• **TASK DESCRIPTION**
Once the pictures are set aside, retype the remaining entries exactly.

• **LISTED ENTRIES**
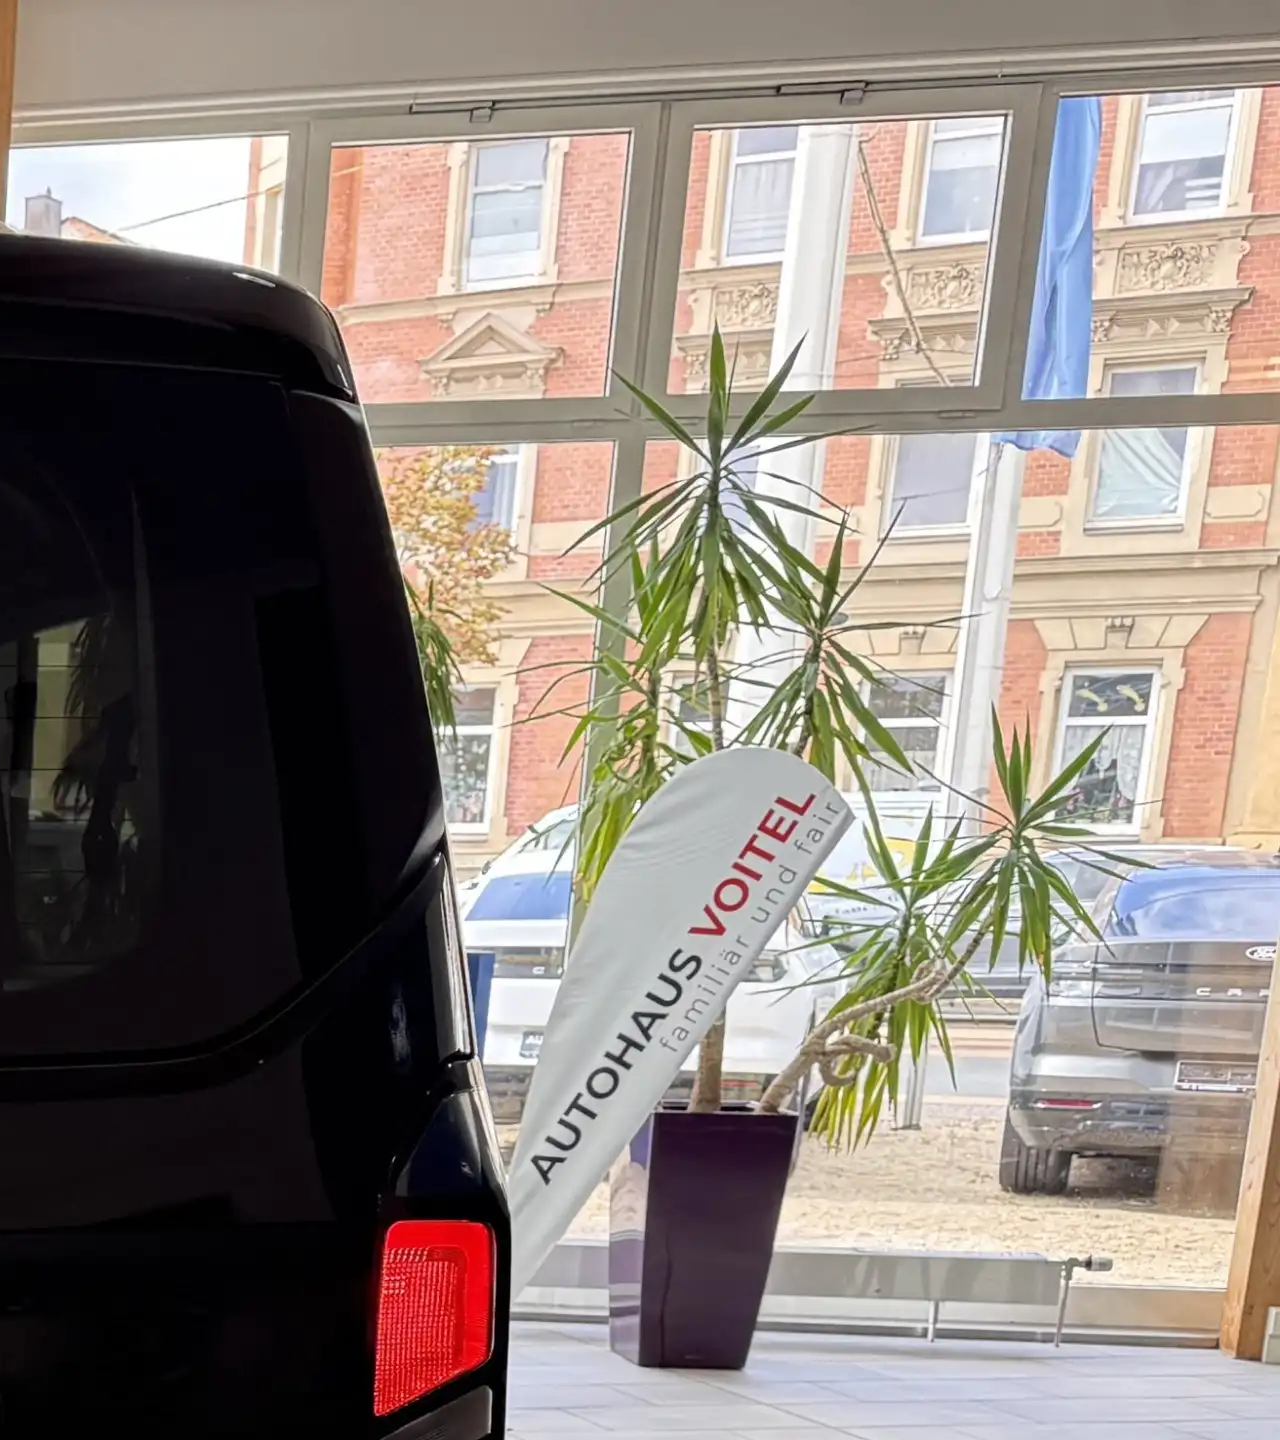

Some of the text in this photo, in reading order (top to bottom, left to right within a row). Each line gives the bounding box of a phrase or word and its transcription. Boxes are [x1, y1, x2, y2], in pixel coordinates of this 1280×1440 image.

[529, 790, 817, 1185] AUTOHAUS VOITEL
[659, 800, 841, 1053] familiär und fair
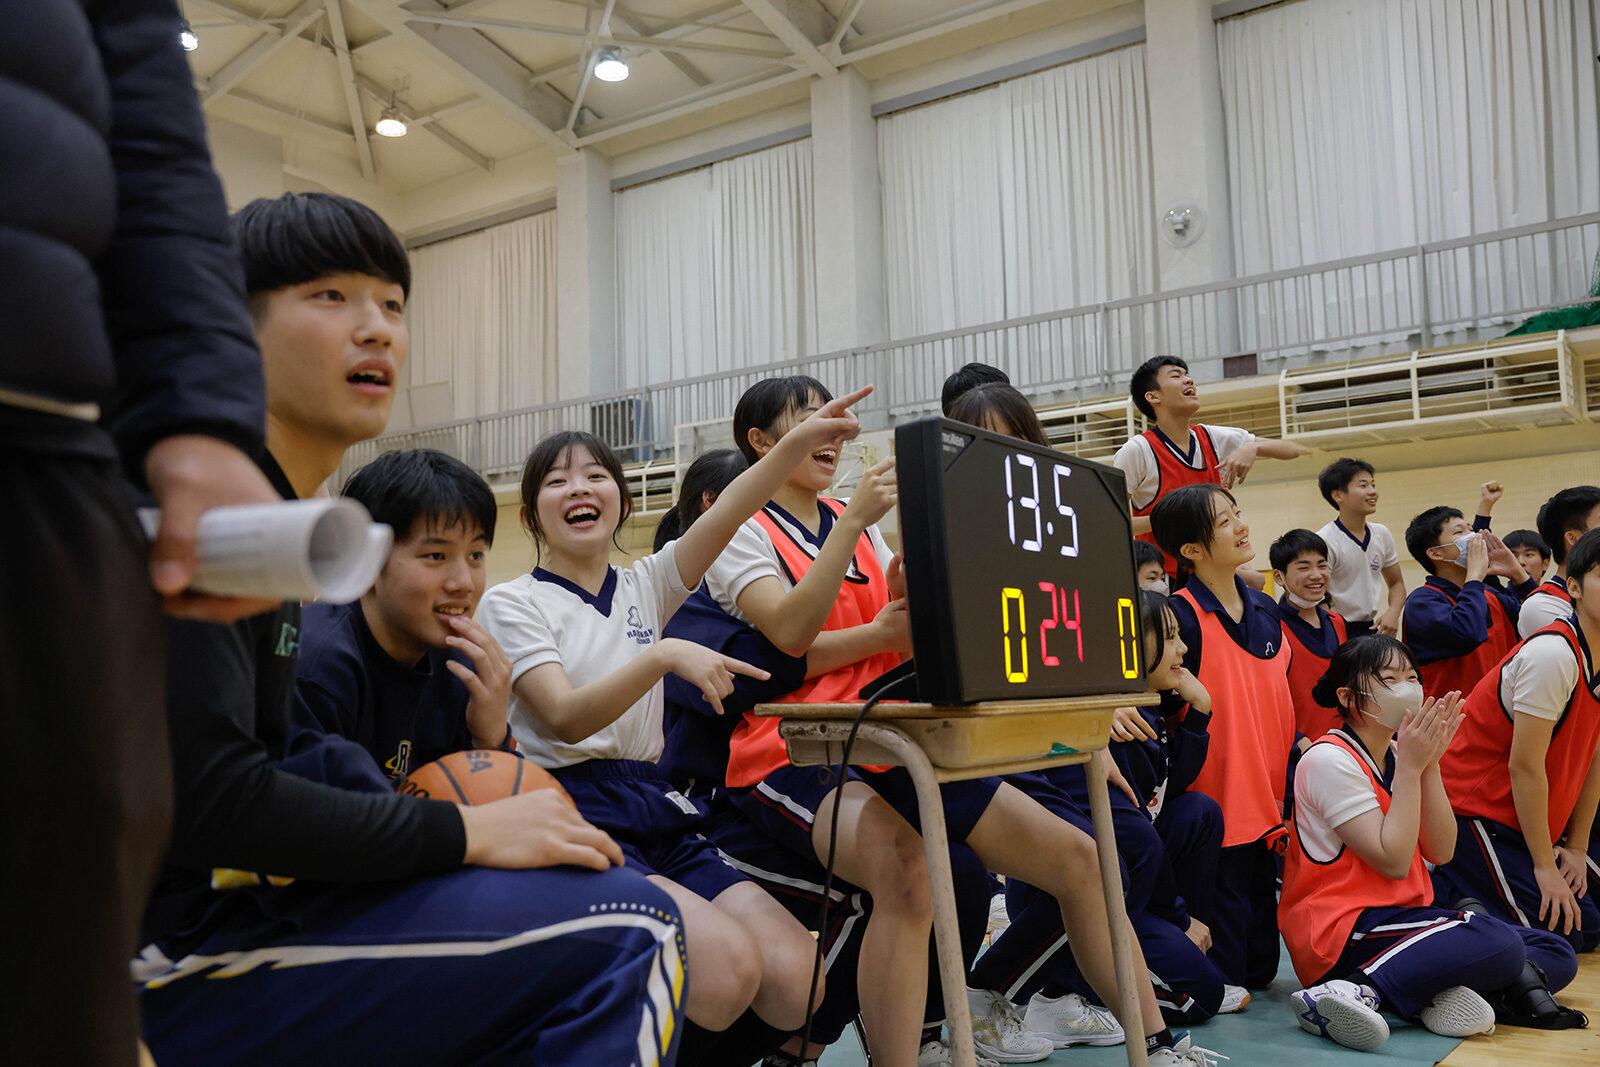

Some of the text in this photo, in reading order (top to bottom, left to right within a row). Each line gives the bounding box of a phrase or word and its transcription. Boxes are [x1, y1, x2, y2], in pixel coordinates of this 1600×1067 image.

[1004, 453, 1079, 557] 13.5
[1002, 581, 1139, 683] 0 24 0
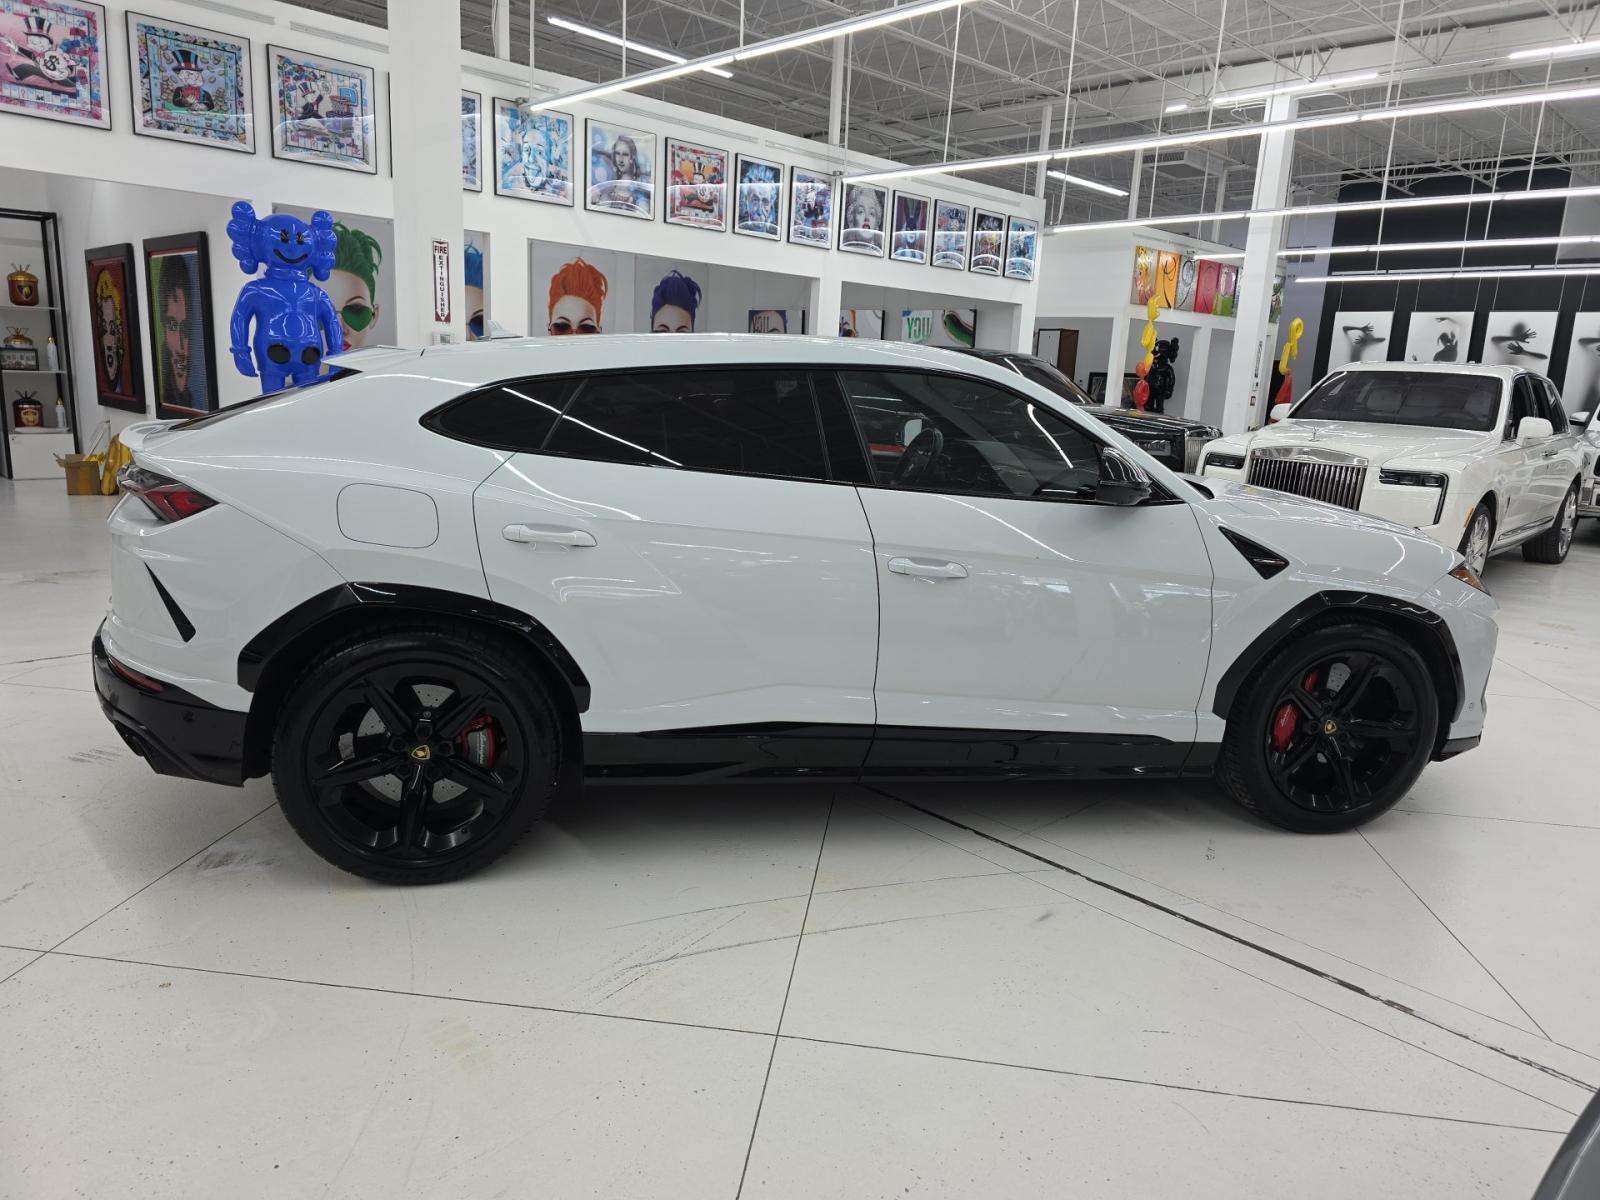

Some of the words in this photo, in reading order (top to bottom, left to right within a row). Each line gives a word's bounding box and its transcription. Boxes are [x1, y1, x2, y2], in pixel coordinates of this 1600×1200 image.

[434, 245, 447, 255] FIRE
[438, 255, 446, 317] EXTINGUISHER
[906, 317, 930, 339] YOU

• **EXERCISE RESPONSE**
Some of the text in this photo, in reading order (top to bottom, left to right within a row). Each line gives the bounding box of a phrase or word and its transcription. Boxes are [x1, y1, x2, y2], in pixel coordinates of this 1280×1440 image.

[529, 790, 817, 1185] AUTOHAUS VOITEL
[659, 800, 841, 1053] familiär und fair

Some of the text in this photo, in reading order (top to bottom, left to right within a row). Each line gives the bounding box of a phrase or word and its transcription. Boxes are [x1, y1, x2, y2], in pixel coordinates of this 1600×1067 image.

[1004, 453, 1079, 557] 13.5
[1002, 581, 1139, 683] 0 24 0

Some of the words in this photo, in reading order (top to bottom, left to right within a row). Each line gives a word's bounding box and its transcription. Boxes are [x1, y1, x2, y2], in pixel coordinates of this 1600×1200 image.

[434, 245, 447, 255] FIRE
[438, 255, 446, 317] EXTINGUISHER
[906, 317, 930, 339] YOU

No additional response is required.